—Unos cuantos pescados. Son carpas y yo mismo las pesqué ayer tarde.
—¡Muchas gracias, muchacho! ¡Muchas gracias! Pero pasa, pasa...
Le introdujo en la estancia que tan bien conocía ya. No tenía ninguna semejanza con el cuarto de estudio de un pastor, y olía a flores y a tabaco. Los libros de las estanterías mostraban sus lomos brillantes y sus guarniciones doradas, completamente diferentes a los manoseados volúmenes que se acostumbraban a hallar en la biblioteca de un párroco. Un observador atento se hubiera dado cuenta también de que en los títulos de los bien ordenados libros alentaba un nuevo espíritu, diverso por no decir opuesto al que sobrevivía entre los venerables componentes de la generación declinante. Los honorables volúmenes de una biblioteca eclesiástica, los piadosos cánticos de Bengel y de Otinger, los que tan bien cantó Mórike en su "Turmhann", faltaban allí o estaban sepultados por el aluvión de obras modernas.

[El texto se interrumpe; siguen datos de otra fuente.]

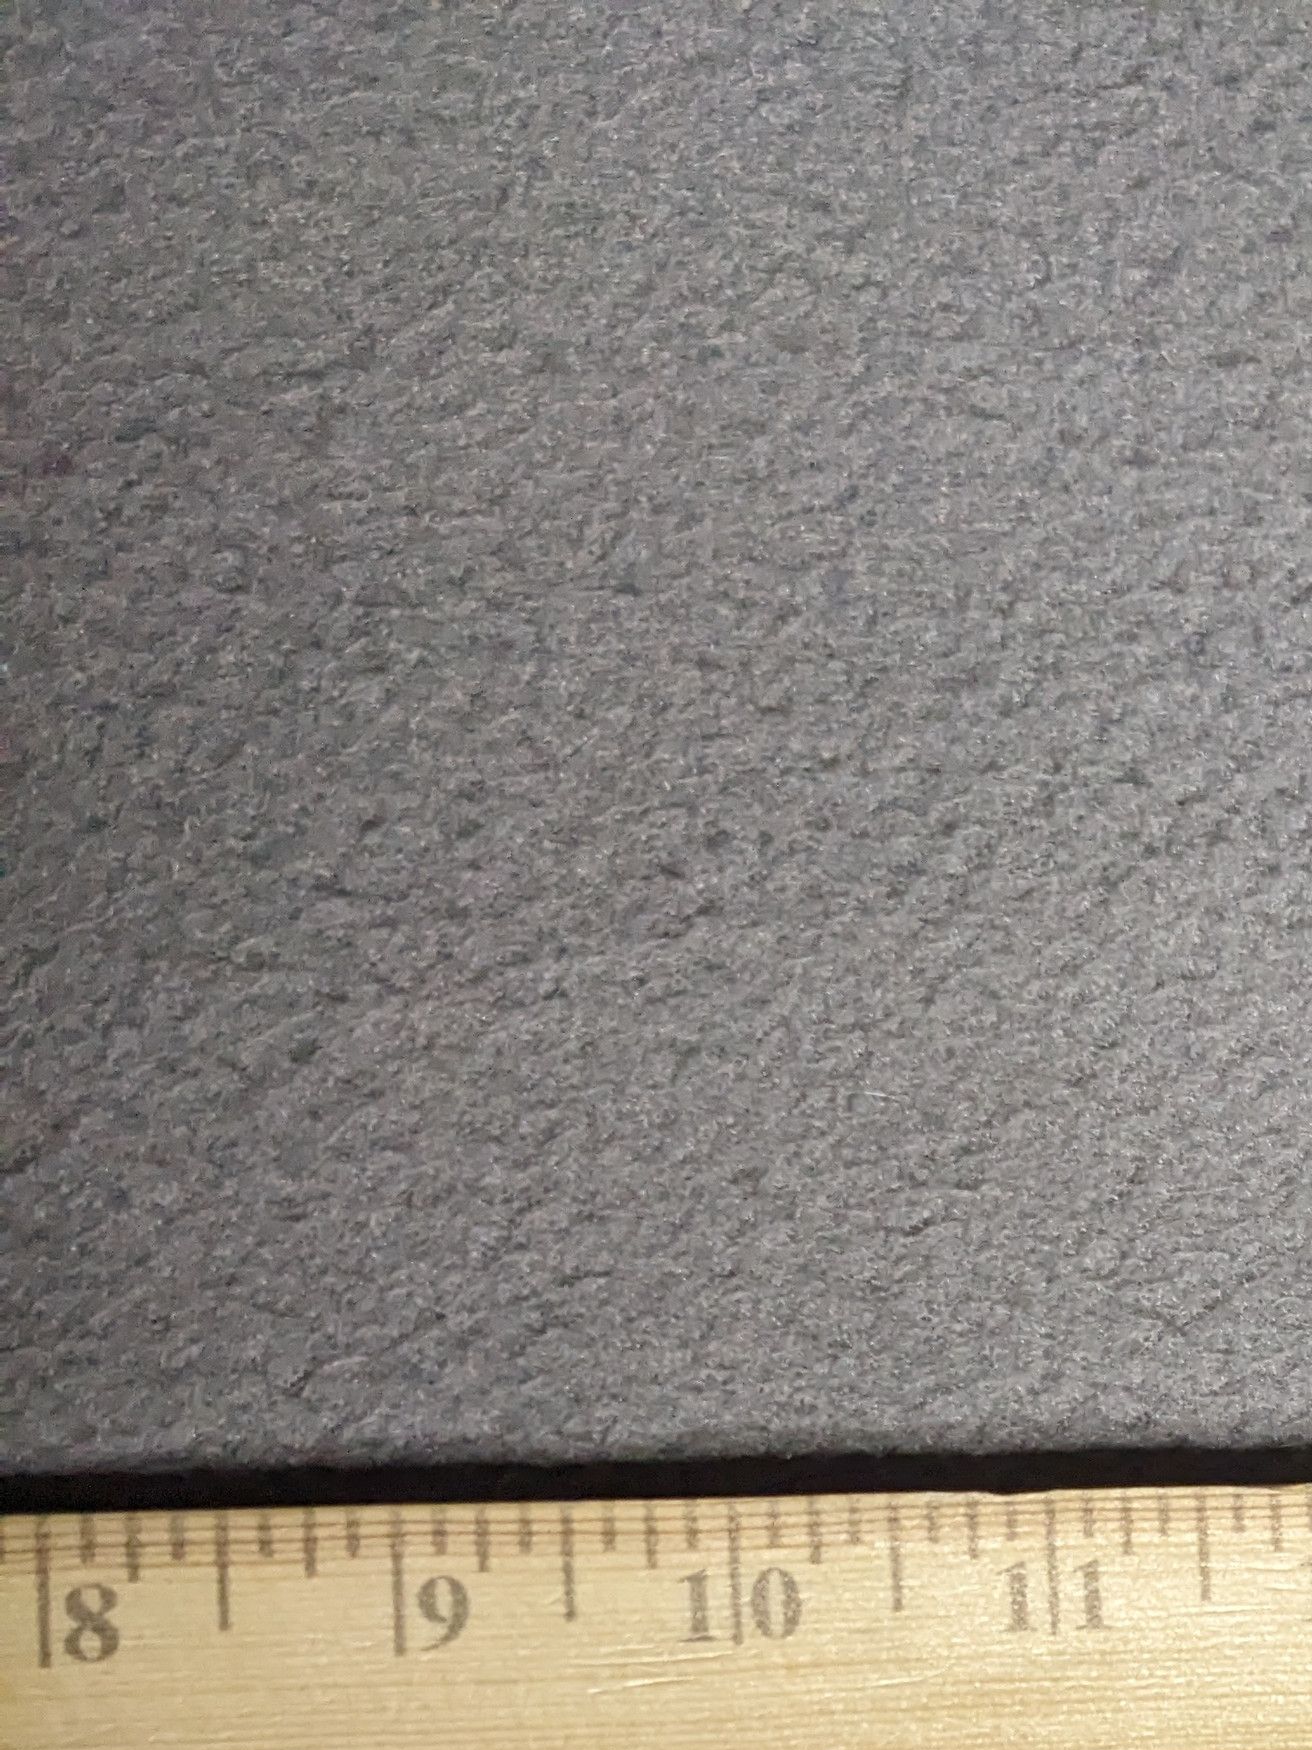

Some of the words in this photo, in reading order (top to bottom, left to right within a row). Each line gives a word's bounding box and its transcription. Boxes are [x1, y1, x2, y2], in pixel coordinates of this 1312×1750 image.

[64, 1583, 119, 1662] 8
[418, 1572, 470, 1650] 9
[677, 1566, 803, 1644] 10
[1001, 1558, 1114, 1634] 11

Todo respiraba un aire de comodidad y selección, y una sola ojeada bastaba para darse cuenta de que en aquella estancia se trabajaba mucho. Pero mucho menos en preparación de sermones, comentario de la Biblia y catequesis, que en la redacción de artículos para publicaciones científicas y en documentación para libros propios. La mística ensoñadora y la interpretación profética estaban desterradas de aquel lugar, desterrada estaba también la sencilla teología del corazón, que salvando la ancha sima de la ciencia, propende el alma sedienta del pueblo al amor y a la compasión. En vez de ella, se practicaba allí con celo la crítica bíblica y se investigaba el "Cristo histórico", que iba a los modernos teóricos como anillo al dedo, pero que también resbalaba una anguila entre los dedos de sus manos.

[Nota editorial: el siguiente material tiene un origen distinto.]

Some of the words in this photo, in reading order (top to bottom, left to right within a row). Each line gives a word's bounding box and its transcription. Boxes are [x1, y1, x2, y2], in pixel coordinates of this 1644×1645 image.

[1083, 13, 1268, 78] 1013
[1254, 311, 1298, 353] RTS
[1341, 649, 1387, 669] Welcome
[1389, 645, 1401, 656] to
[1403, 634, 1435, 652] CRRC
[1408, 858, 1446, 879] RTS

En la teología sucede igual que en cualquier otra cosa. Existe una teología que es arte y otra que es ciencia o que al menos se esfuerza en serlo. Así fue en la antigüedad y así es ahora, y siempre han escanciado los científicos el viejo vino en los nuevos odres, mientras los artistas, sin cuidado para algunos errores exteriores y perseverantes en sus concepciones, han sido el consuelo y la alegría de muchos. Es la vieja lucha desigual entre la crítica y la creación, entre la ciencia y el arte, en la que aquélla tiene siempre la razón sin que nadie saque de ello provecho y en la que ésta lanza al aire la semilla de la fe, del amor, del consuelo y de la belleza, hallando siempre la buena tierra donde fructifica. Pues la vida es más fuerte que la muerte y la fe más poderosa que la duda.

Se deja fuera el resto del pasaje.